According to the principle of polarized skylight imaging, the CMOS of BPINS can only perceive the total intensity of the Stokes vector of skylight. From equation (2), the general equation for the total intensity received by the CMOS imaging plane can be written as follows:

{\tilde{I}}_{θ} = \frac{τ_{1}^{2} + τ_{2}^{2}}{4} (\tilde{I} (1 + ρ \cos 2 (θ + δ θ - β)) + \tilde{Q} (ρ + \cos 2 (θ + δ θ - β)) + \tilde{U} \sin 2 (θ + δ θ - β) \cdot \sqrt{1 - ρ^{2}})

(12)

Taking

θ = 0^{\circ}, 45^{\circ}, 90^{\circ}

into equation (12), I, Q, U can be solved as follows:

{\begin{matrix} \tilde{I} = - \frac{2}{(ρ^{2} - 1) (τ_{1}^{2} + τ_{2}^{2})} ({\tilde{I}}_{0} (1 - ρ (\cos 2 (δ θ + β) + \sin 2 (δ θ + β))) + {\tilde{I}}_{90} (1 + ρ (\cos 2 (δ θ + β) + \sin 2 (δ θ + β))) - 2 {\tilde{I}}_{45} ρ \sin 2 (δ θ + β)) \\ \tilde{Q} = \frac{2}{(ρ^{2} - 1) (τ_{1}^{2} + τ_{2}^{2})} ({\tilde{I}}_{0} (\sin 2 (δ θ + β) - \cos 2 (δ θ + β) + ρ) + {\tilde{I}}_{90} (\cos 2 (δ θ + β) + \sin 2 (δ θ + β) + ρ) - 2 {\tilde{I}}_{45} \sin 2 (δ θ + β)) \\ \tilde{U} = - \frac{2}{\sqrt{1 - ρ^{2}} (τ_{1}^{2} + τ_{2}^{2})} ({\tilde{I}}_{0} (\cos 2 (δ θ + β) + \sin 2 (δ θ + β)) + {\tilde{I}}_{90} (\cos 2 (δ θ + β) - \sin 2 (δ θ + β)) - 2 {\tilde{I}}_{45} \cos 2 (δ θ + β)) \end{matrix}

(13)

Based on the definition of the angle of E-vector and the degree of linear polarization of skylight, the polarimetric parameters of BPINS can be obtained as:

{\begin{matrix} \tan 2 \tilde{φ} = \frac{\tilde{U}}{\tilde{Q}} \\ \tilde{d} = \frac{\sqrt{{\tilde{U}}^{2} + {\tilde{Q}}^{2}}}{\tilde{I}} \end{matrix}

(14)

The measurement model of BPINS with measurement error can be written as a function expressed as:

{\begin{matrix} \tilde{φ} = f (I_{θ}, β, θ, ρ) \\ \tilde{d} = g (I_{θ}, β, θ, ρ) \end{matrix}

(15)

3. Performance Analysis Method for Generating Sunlight Using Rayleigh scattering

As seen in section 2, outdoor polarized skylight is produced by the scattering of direct sunlight through the atmosphere. It is not possible to fully generate polarized skylight indoors, but we can obtain outdoor polarized skylight by using the sky Rayleigh scattering model and the polarization imaging principle. In this section, the outdoor polarized skylights were numerically simulated for known incident light, and then we analyzed the extent to which each error source affects the measurement performance of BPINS.

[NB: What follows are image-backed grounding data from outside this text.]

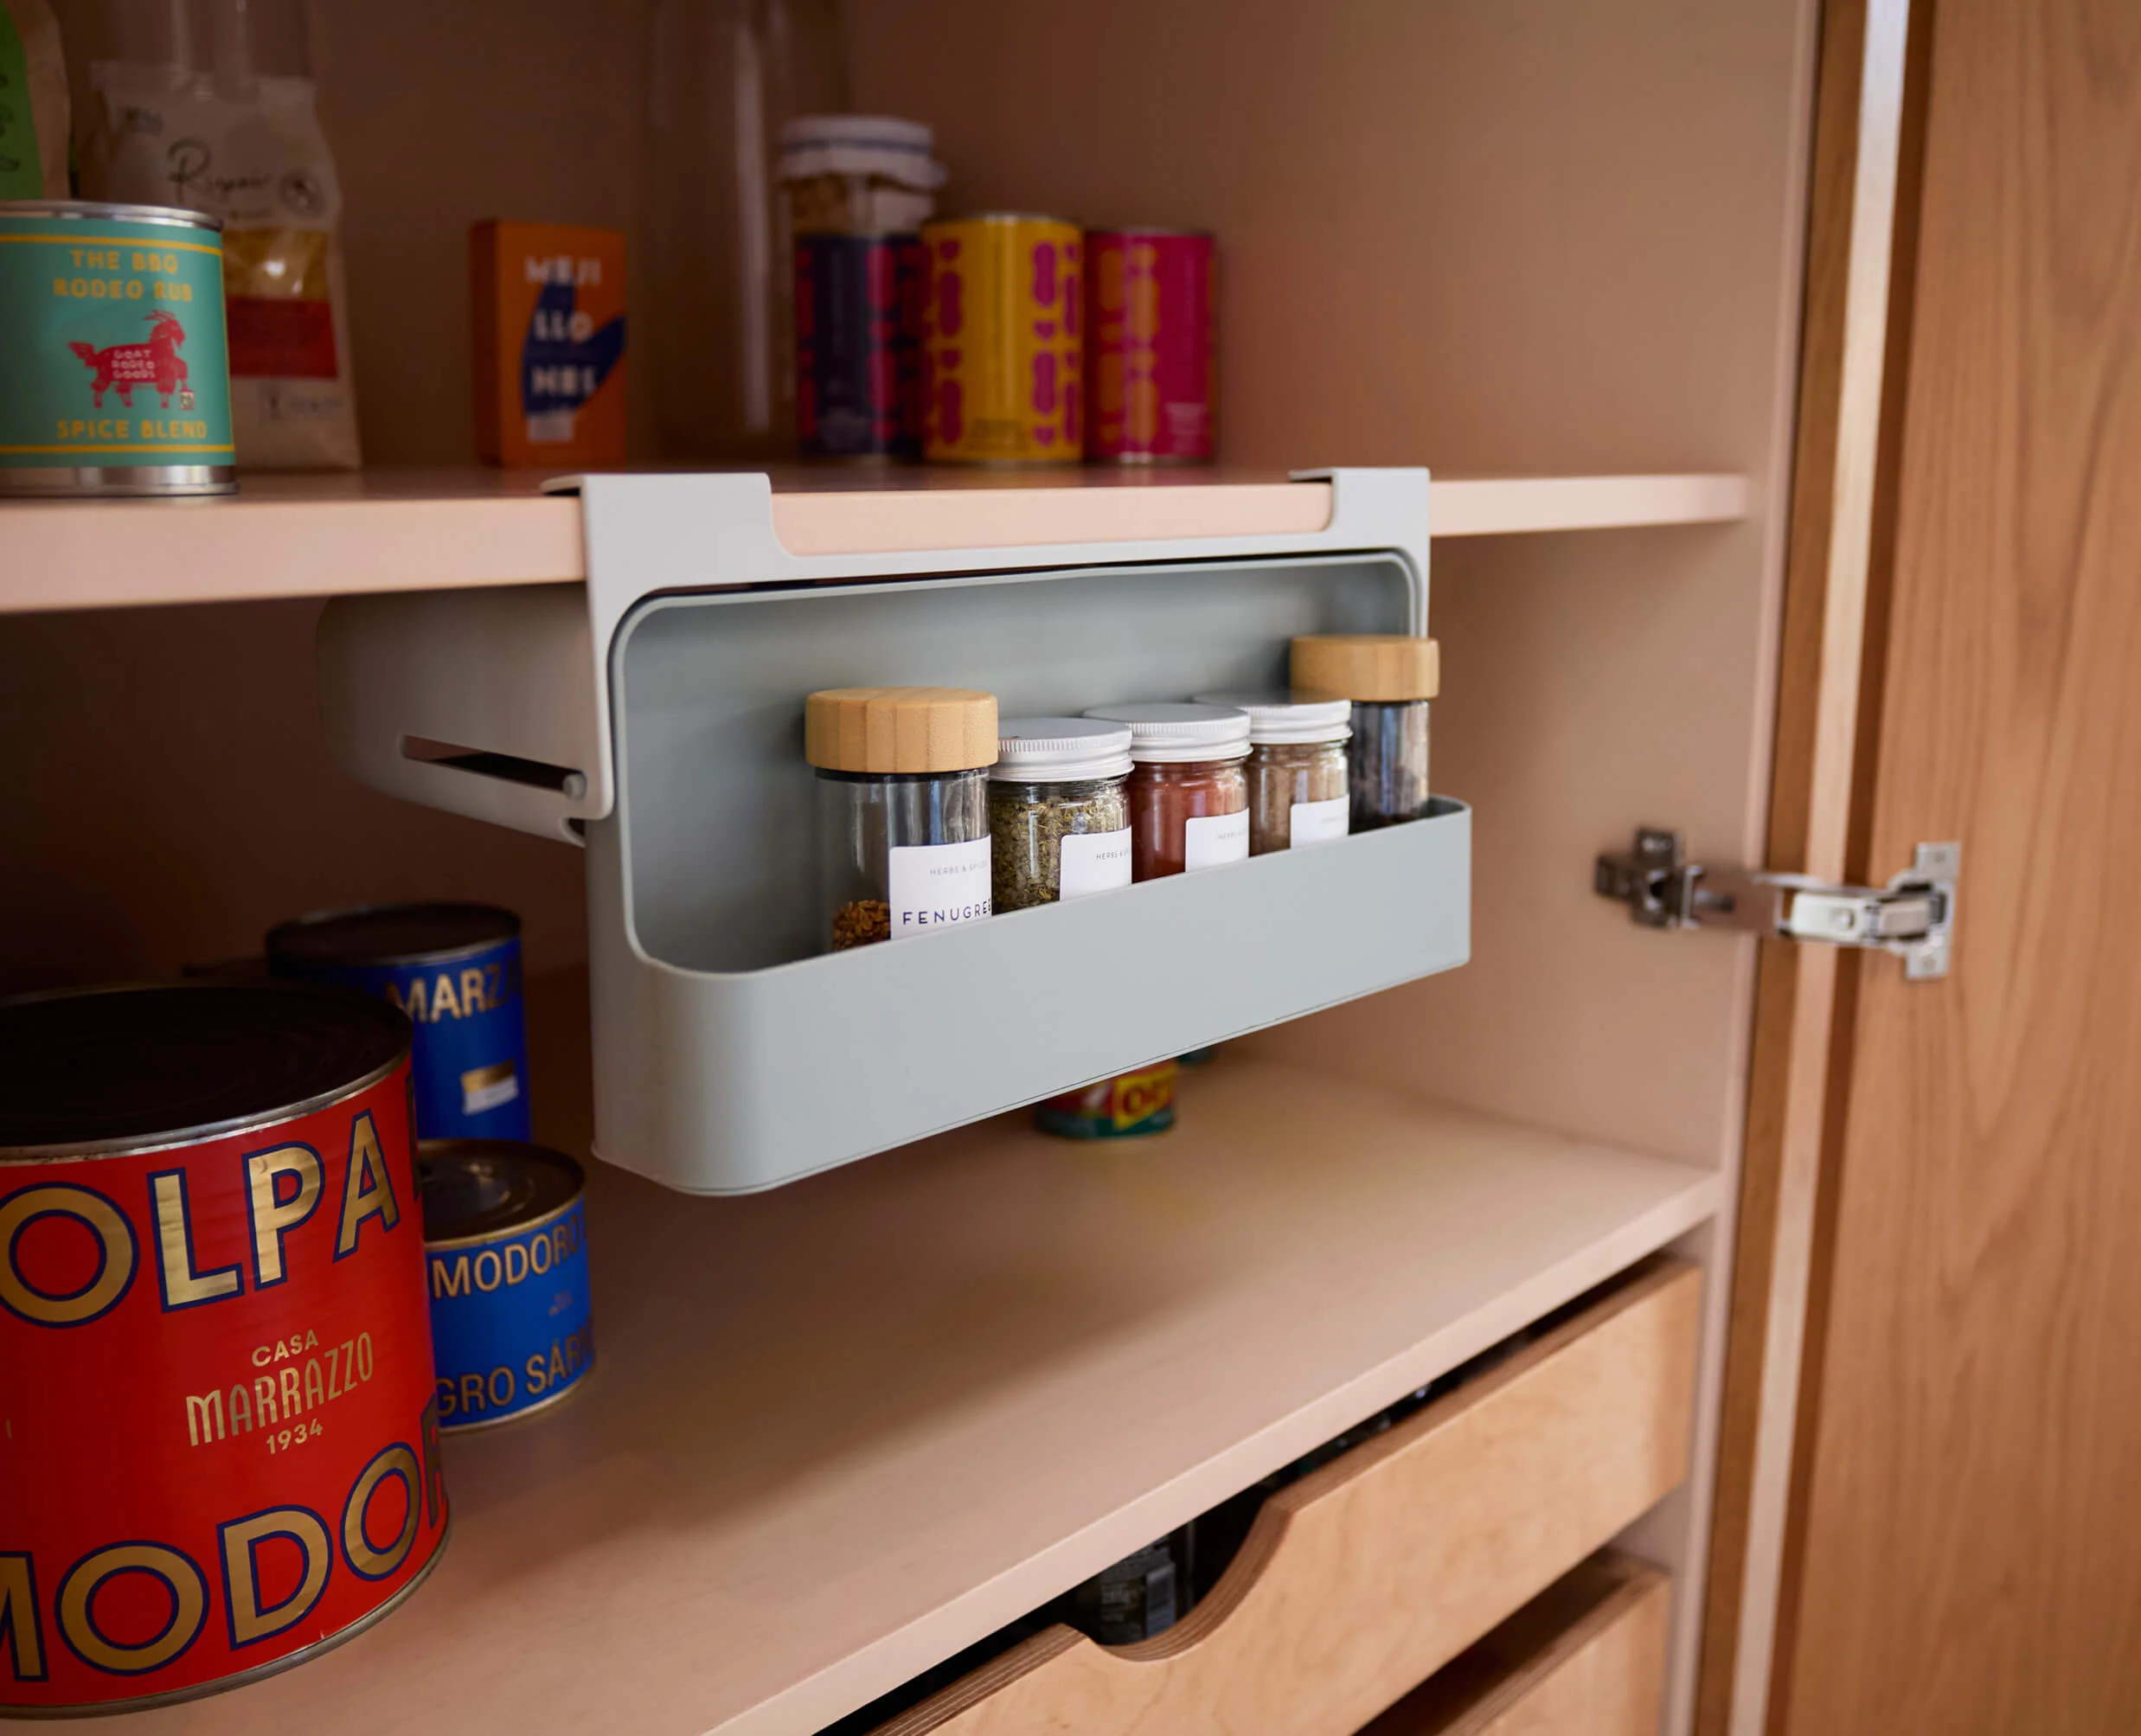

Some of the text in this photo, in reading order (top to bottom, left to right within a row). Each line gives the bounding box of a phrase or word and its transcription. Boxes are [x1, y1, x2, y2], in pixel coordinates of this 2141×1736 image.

[69, 249, 178, 275] THE BBQ
[53, 278, 193, 303] RODEO RUB
[532, 308, 593, 344] LLO
[112, 359, 156, 369] RODEO
[113, 349, 151, 360] GOAT
[56, 420, 208, 439] SPICE BLEND
[252, 1329, 319, 1368] CASA
[186, 1331, 374, 1447] MARRAZZO
[266, 1419, 324, 1455] 1934

Once the solar position is known in the local geographical coordinate system, the skylight polarization distribution pattern can be established. To truly simulate the polarized skylight field at a certain time on a certain day, numerical simulations are performed at a solar altitude angle of 5° and a solar azimuth angle between 10° and 80° to obtain the skylight polarization pattern formed at different positions of the sun. The true values of the angle of E-vector (AoE) image and the degree of linear polarization (DoLP) image can be obtained by the Rayleigh scattering model. The two parameters of the AoE and DoLP can be used to characterize the polarization state of each beam of polarized skylight by Poincare sphere. Any point on the equator of the Poincare sphere represents completely linearly polarized light in different directions. Since the polarized skylight is partially linearly polarized light, its maximum DoLP should be less than 1. According to the conversion relation between the Poincare sphere and the Stokes vector, we can get the Stokes vector of each beam of polarized skylight, and thus obtain the known polarization state of the skylight.

The skylight in a known polarization state is incident on the BPINS, which interacts with the micro-polarization array through the lens and is finally imaged on the CMOS plane of the BPINS. Based on the measurement error model described above, the skylight polarization imaging calculation is performed by sequentially varying each error source to form 0°, 45°, and 90° intensity images, which are then calculated to obtain the AoE images and DoLP images. Figure 5 shows the impact analysis flowchart of the measurement error model of BPINS.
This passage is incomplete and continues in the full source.